• _Record set_
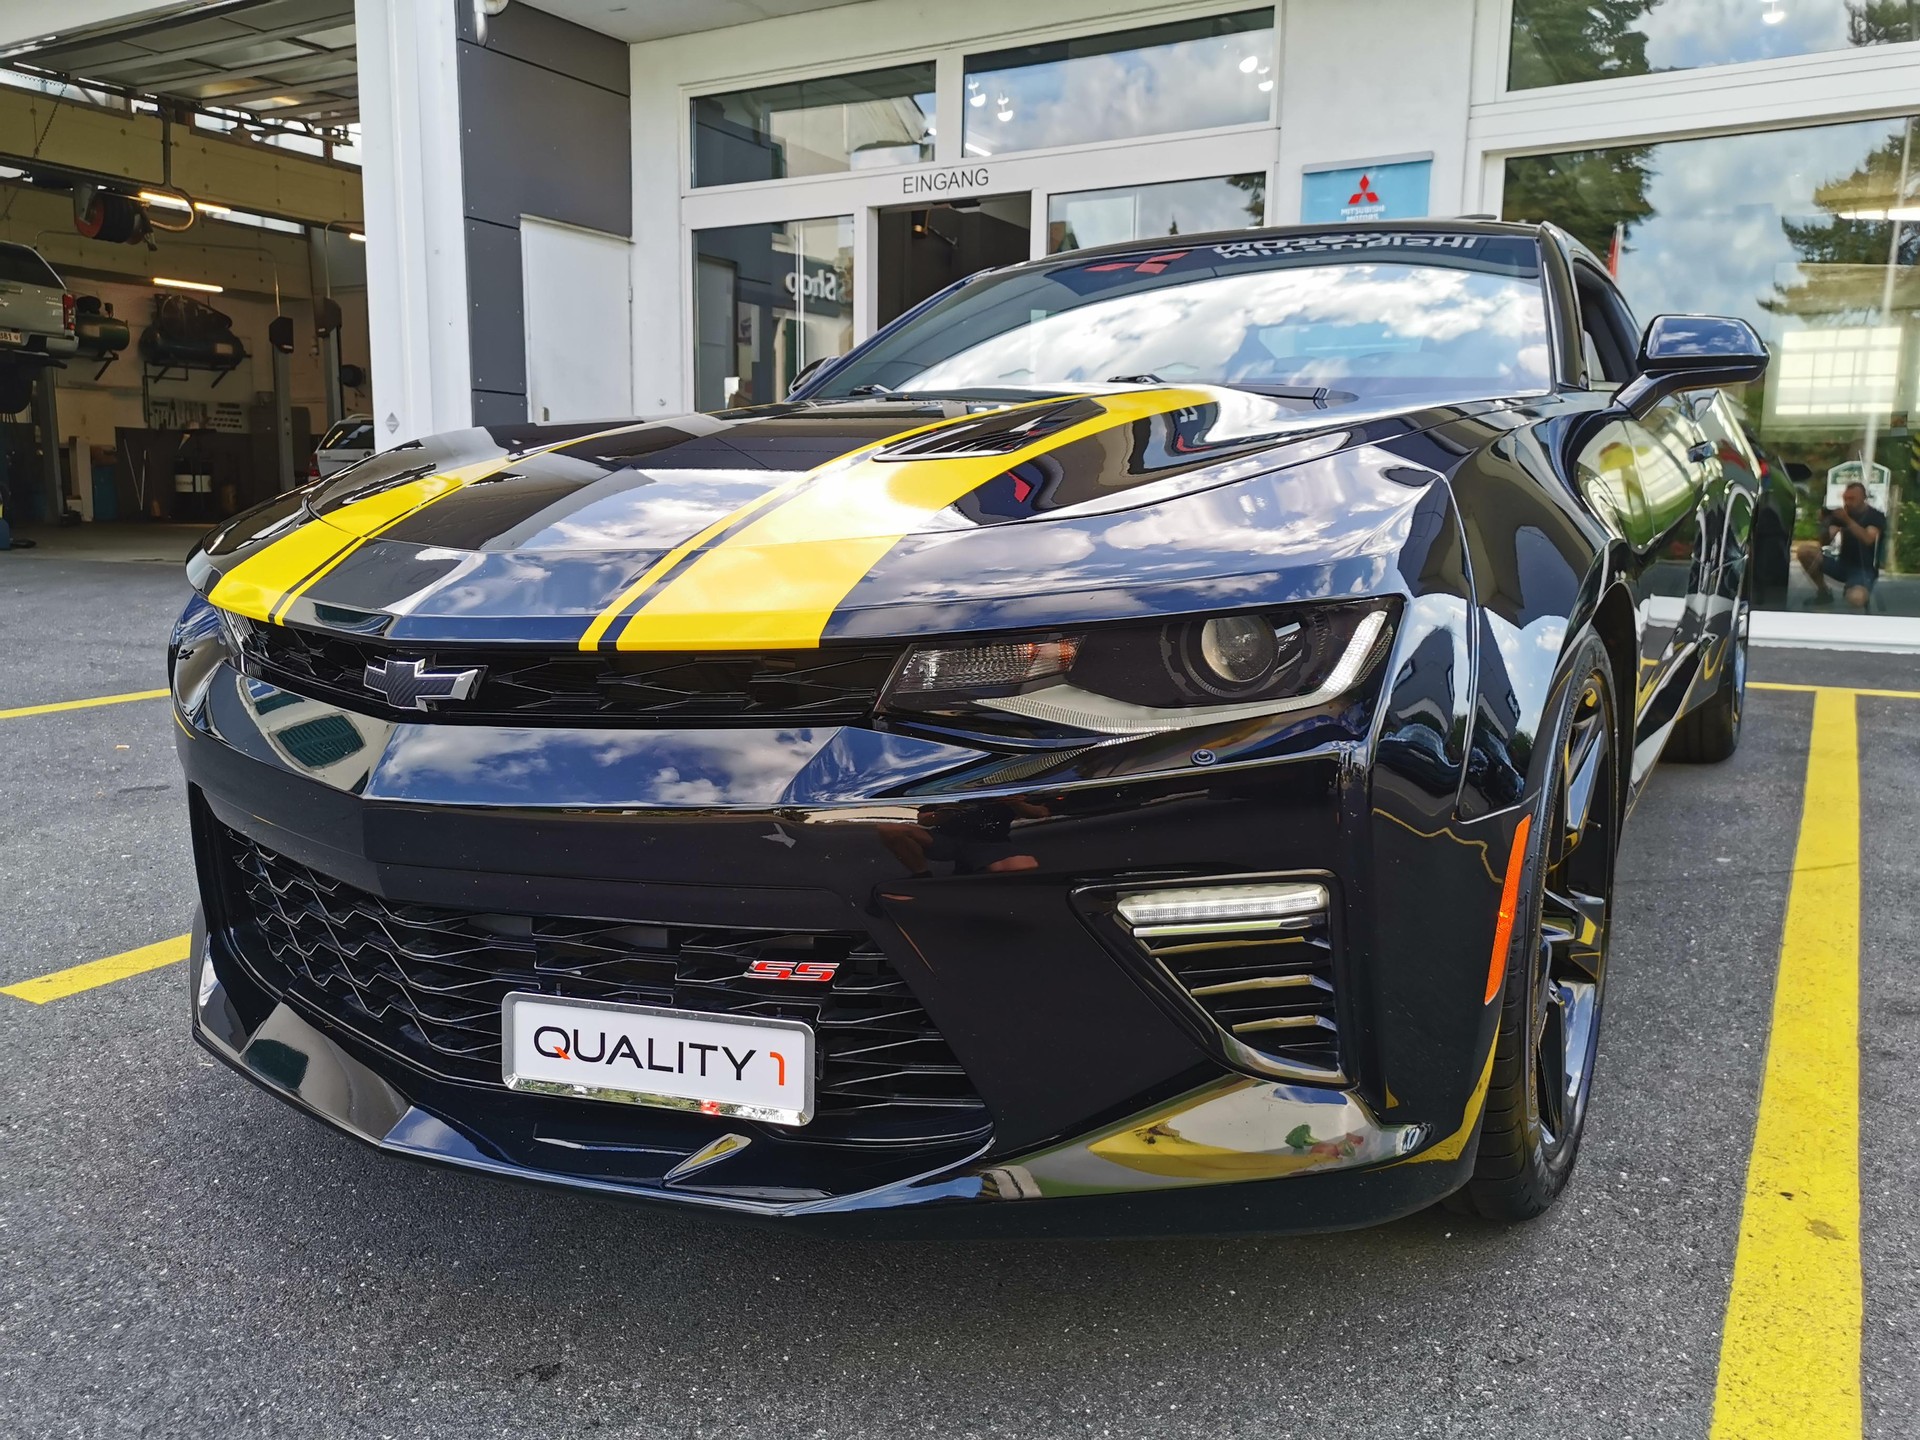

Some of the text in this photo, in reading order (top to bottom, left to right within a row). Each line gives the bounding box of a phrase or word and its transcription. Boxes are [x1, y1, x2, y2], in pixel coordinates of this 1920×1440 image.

[903, 168, 989, 194] EINGANG
[1341, 205, 1385, 216] MITSUBISHI
[744, 960, 840, 982] SS
[533, 1025, 785, 1086] QUALITY 1

• _Problem to work on_
Please reproduce the listing exactly, leaving out any pictures.

• _Your response_
Some of the text in this photo, in reading order (top to bottom, left to right within a row). Each line gives the bounding box of a phrase or word and its transcription. Boxes are [x1, y1, x2, y2], in pixel coordinates of this 1920×1440 image.

[903, 168, 989, 194] EINGANG
[1341, 205, 1385, 216] MITSUBISHI
[744, 960, 840, 982] SS
[533, 1025, 785, 1086] QUALITY 1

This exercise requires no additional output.